Your goal |
The records that follow must be repeated exactly, minus the images.

(Images for object localization)

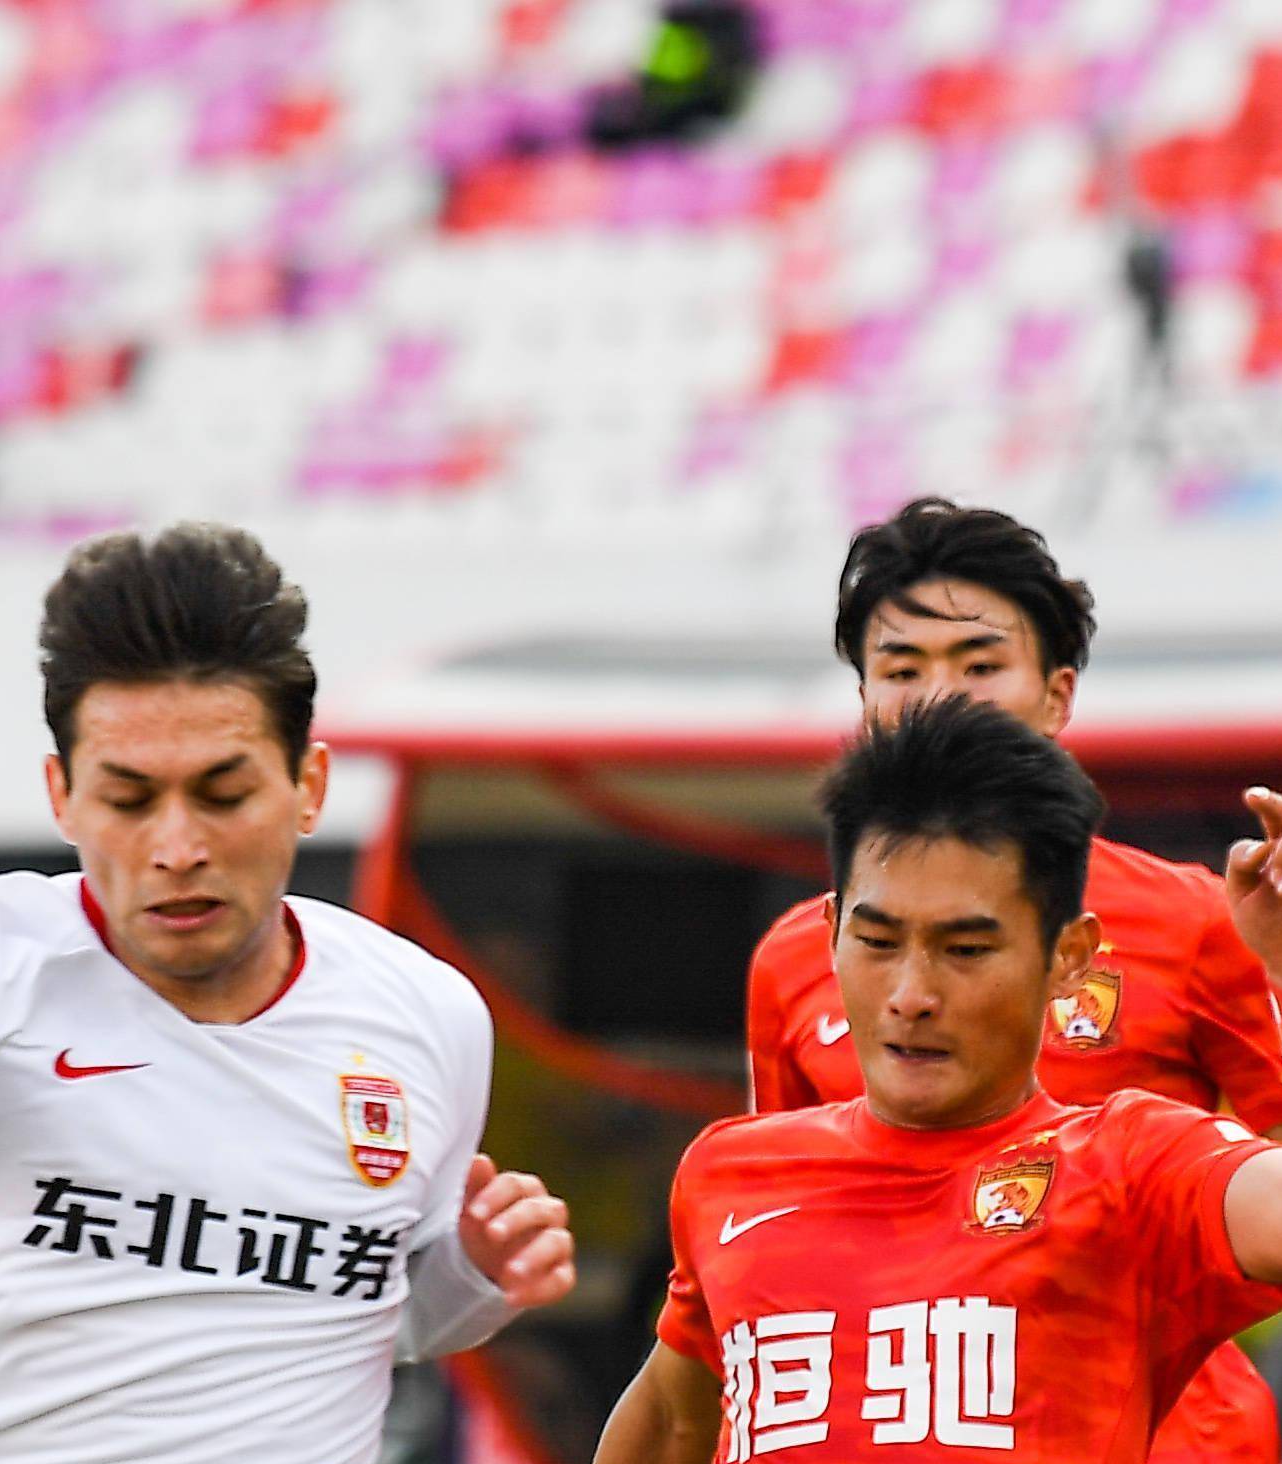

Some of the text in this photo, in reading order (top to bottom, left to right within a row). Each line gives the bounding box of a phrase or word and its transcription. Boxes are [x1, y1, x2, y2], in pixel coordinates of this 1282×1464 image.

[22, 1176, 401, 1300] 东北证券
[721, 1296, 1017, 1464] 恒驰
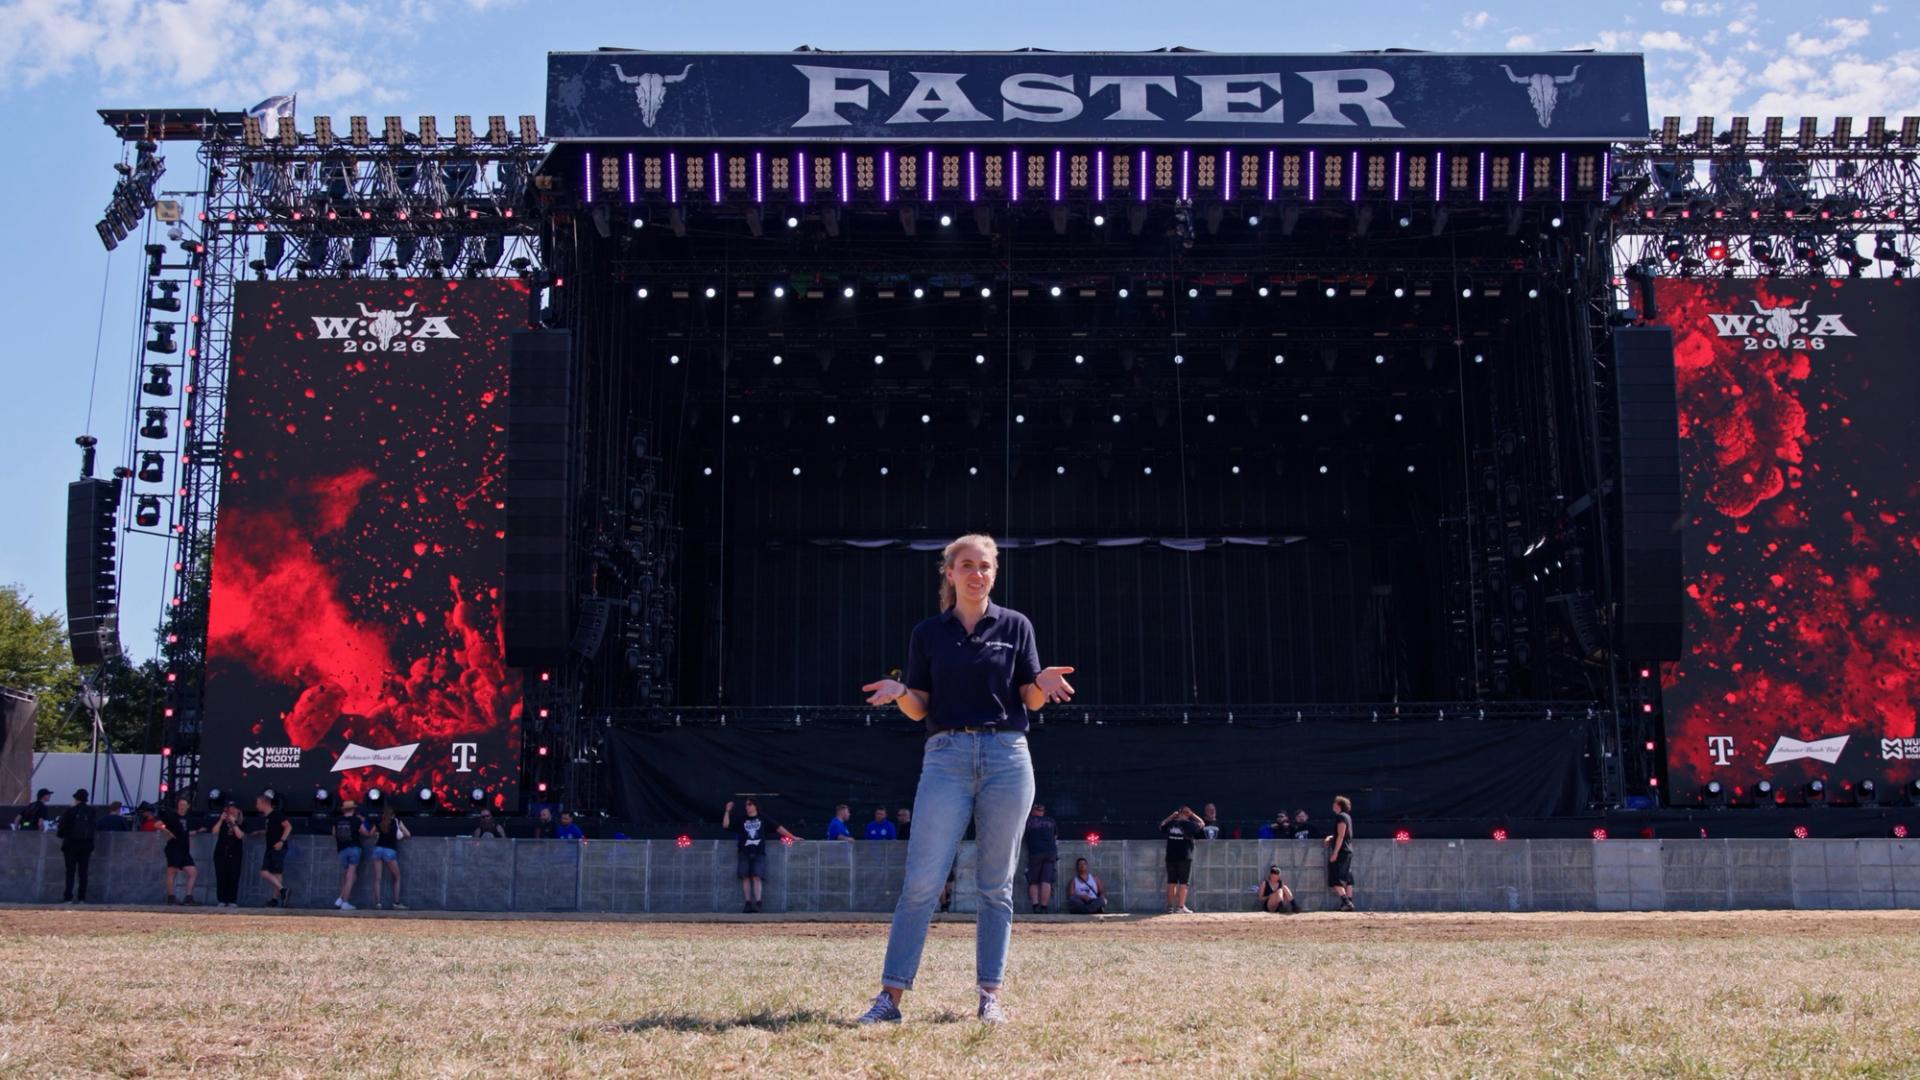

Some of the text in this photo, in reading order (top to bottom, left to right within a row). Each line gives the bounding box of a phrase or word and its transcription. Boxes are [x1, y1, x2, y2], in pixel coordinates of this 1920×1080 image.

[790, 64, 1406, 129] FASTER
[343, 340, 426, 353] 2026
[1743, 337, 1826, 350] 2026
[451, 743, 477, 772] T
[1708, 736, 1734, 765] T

Reply to the task |
Some of the text in this photo, in reading order (top to bottom, left to right within a row). Each line gives the bounding box of a phrase or word and its transcription. Boxes are [x1, y1, x2, y2], in pixel coordinates of this 1282×1464 image.

[22, 1176, 401, 1300] 东北证券
[721, 1296, 1017, 1464] 恒驰

Some of the text in this photo, in reading order (top to bottom, left to right within a row). Each line gives the bounding box of a phrase or word and its transcription. Boxes are [x1, y1, x2, y2], in pixel coordinates of this 1920×1080 image.

[790, 64, 1406, 129] FASTER
[343, 340, 426, 353] 2026
[1743, 337, 1826, 350] 2026
[451, 743, 477, 772] T
[1708, 736, 1734, 765] T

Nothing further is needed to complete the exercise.